俺は退屈で何度も聞いた担任の声を聞き流していた。
気がつけば、STは終わり後は帰るだけ…いや、瀬尾の告白を見届けなければならないな。
瀬尾を呼びに席を立ったら、瀬尾が教室に入ってきた。
顔がかなり強張っていた。
俺は面白そうだったから、あえて声をかけなかった。
人の恋路ほど面白いものはない。
「みみみみ、御陵さん。ちょっといいかな?」
おおー、ナイスどもり。
「…えっとなにかよう?」
御陵はぶっきらぼうに言った。
「ここじゃ話し難いから南階段へ来てくれないかな?」
ほほう、よく考えたじゃないか。
南階段はあまり使わないため人がまったくこない。
いわゆる告白スポットなわけだ。
成功率は6割らしい。
…誰が計算したんだか。
御陵はゆっくり頷くと瀬尾と一緒に教室を出た。
俺は着いて行かず、階段の様子が見える場所へ移動した。
さてさてどうなってるんだ。
おお!瀬尾がなんか話してる。
身振り手振りを加えながら必死にやってるな。
んでその告白らしきものに御陵は…
頭を下げた。
瀬尾は何か叫んでる。
ちょっと近くまで行ってみよう。
「どうしてかな?理由を聞きたいんだけど」
瀬尾が言った。
「私恋人よりも今は……友達が欲しいの」
「俺は恋人がいいの!ああもういいよ……やっぱり無理だった」
瀬尾は御陵に背を向けながら去っていった。
可哀相に。
「ちょっと、さっきのは無いんじゃないのか。

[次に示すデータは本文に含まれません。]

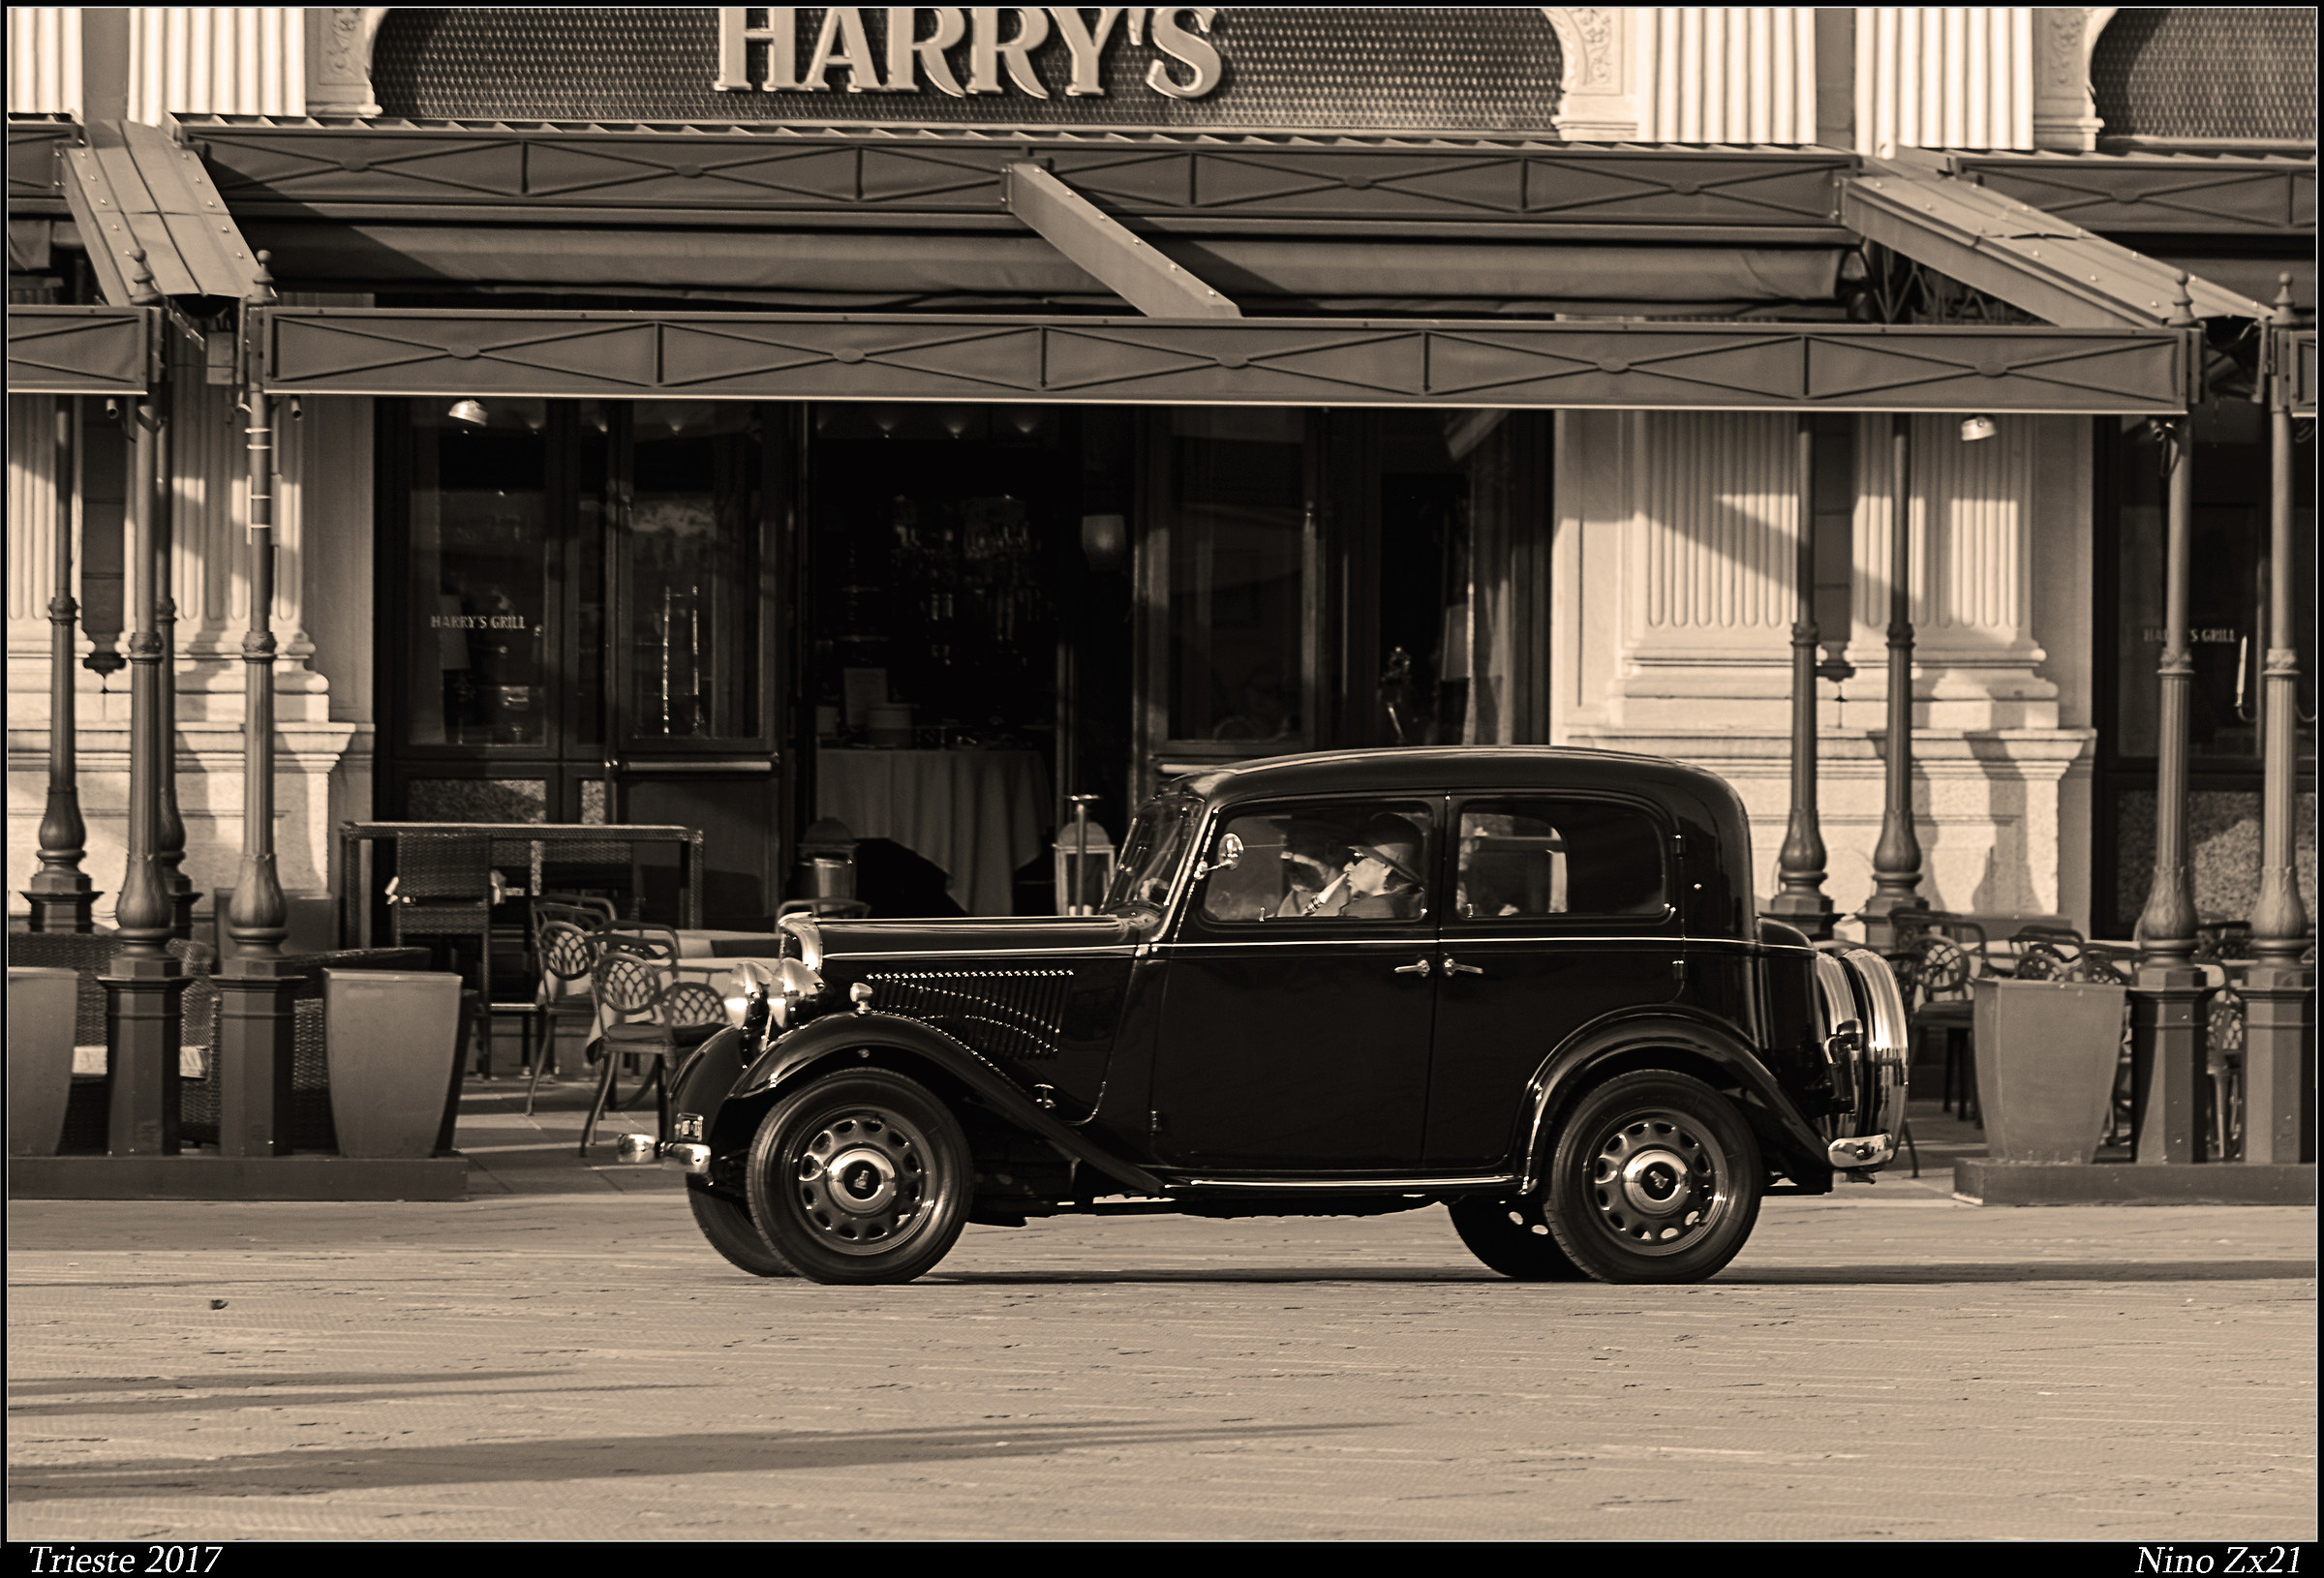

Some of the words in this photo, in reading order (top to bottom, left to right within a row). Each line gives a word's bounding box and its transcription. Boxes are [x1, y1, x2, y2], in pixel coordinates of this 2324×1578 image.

[714, 8, 1222, 98] HARRY'S
[430, 616, 487, 629] HARRY'S
[490, 616, 526, 629] GRILL

あれは勇気を出していったあいつが報われないじゃないか」
俺は彼女に話しかけた。
「見てたのですか。貴方のほうこそ良くないんじゃないんですか?人の告白現場を覗くなんて」
毅然とした態度で答えてきた。
それが少し頭にきた。
「偶然通りかかっただけだ。別に悪いとは思っていない。なあお前どうすんだよ?またお前の株が下がっていくぞ。今度は恋愛もしない、男を振りまくってる悪女ってレッテル貼られるぞ。」
「別にどうでもいいわ、そんなの」
「……お前なあ~そんなのだから友達いな
「そんなのわかってるわよ!あなたに言われなくても!」
ぶっきらぼうだった彼女がいきなり怒鳴りだした。
よく聞くと涙声だった。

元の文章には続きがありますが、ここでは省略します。